Task directions — Below are records to transcribe exactly, without their pictures.

(Excerpts from a dataset)
------
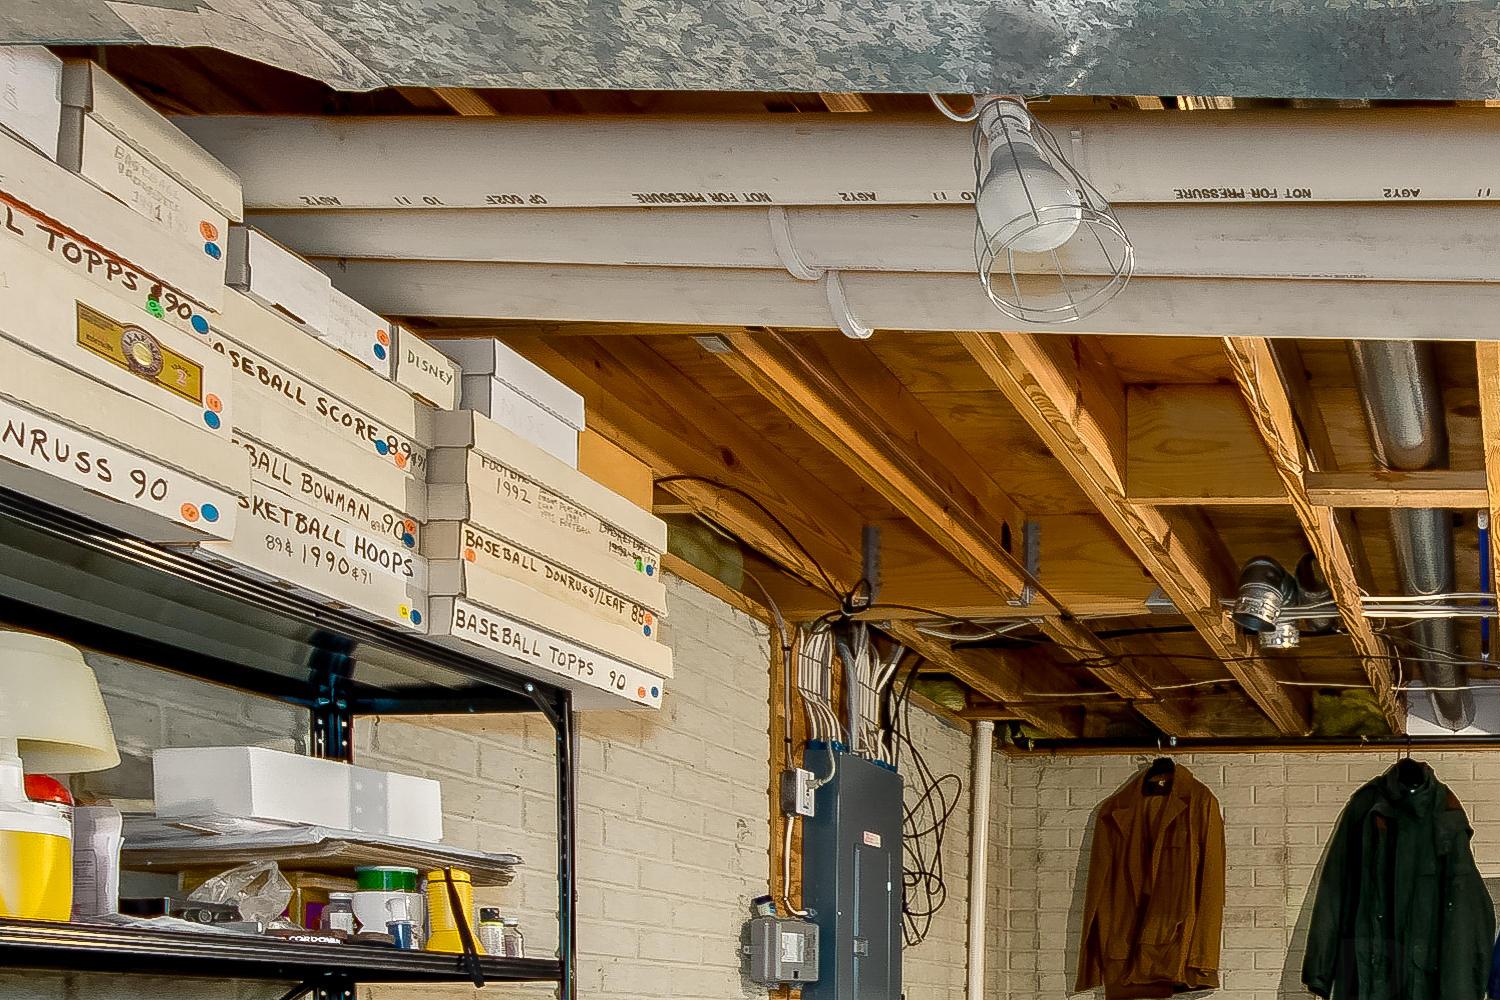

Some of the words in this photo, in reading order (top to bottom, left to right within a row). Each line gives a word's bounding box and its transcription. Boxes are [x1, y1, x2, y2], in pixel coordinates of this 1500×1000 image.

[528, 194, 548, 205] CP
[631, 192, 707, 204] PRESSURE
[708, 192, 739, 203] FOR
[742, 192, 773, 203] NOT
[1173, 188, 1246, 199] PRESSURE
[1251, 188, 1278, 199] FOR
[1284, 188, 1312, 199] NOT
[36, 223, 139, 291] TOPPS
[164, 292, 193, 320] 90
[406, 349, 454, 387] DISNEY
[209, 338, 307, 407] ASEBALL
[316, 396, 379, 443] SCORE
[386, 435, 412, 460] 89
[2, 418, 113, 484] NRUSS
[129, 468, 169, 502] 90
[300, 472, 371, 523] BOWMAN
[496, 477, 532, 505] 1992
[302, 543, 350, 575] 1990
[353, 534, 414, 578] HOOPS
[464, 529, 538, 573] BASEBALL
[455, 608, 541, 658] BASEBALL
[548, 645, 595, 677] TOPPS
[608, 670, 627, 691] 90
------
Expected output —
Some of the words in this photo, in reading order (top to bottom, left to right within a row). Each line gives a word's bounding box and its transcription. Boxes are [x1, y1, x2, y2], in pixel coordinates of this 1500×1000 image.

[528, 194, 548, 205] CP
[631, 192, 707, 204] PRESSURE
[708, 192, 739, 203] FOR
[742, 192, 773, 203] NOT
[1173, 188, 1246, 199] PRESSURE
[1251, 188, 1278, 199] FOR
[1284, 188, 1312, 199] NOT
[36, 223, 139, 291] TOPPS
[164, 292, 193, 320] 90
[406, 349, 454, 387] DISNEY
[209, 338, 307, 407] ASEBALL
[316, 396, 379, 443] SCORE
[386, 435, 412, 460] 89
[2, 418, 113, 484] NRUSS
[129, 468, 169, 502] 90
[300, 472, 371, 523] BOWMAN
[496, 477, 532, 505] 1992
[302, 543, 350, 575] 1990
[353, 534, 414, 578] HOOPS
[464, 529, 538, 573] BASEBALL
[455, 608, 541, 658] BASEBALL
[548, 645, 595, 677] TOPPS
[608, 670, 627, 691] 90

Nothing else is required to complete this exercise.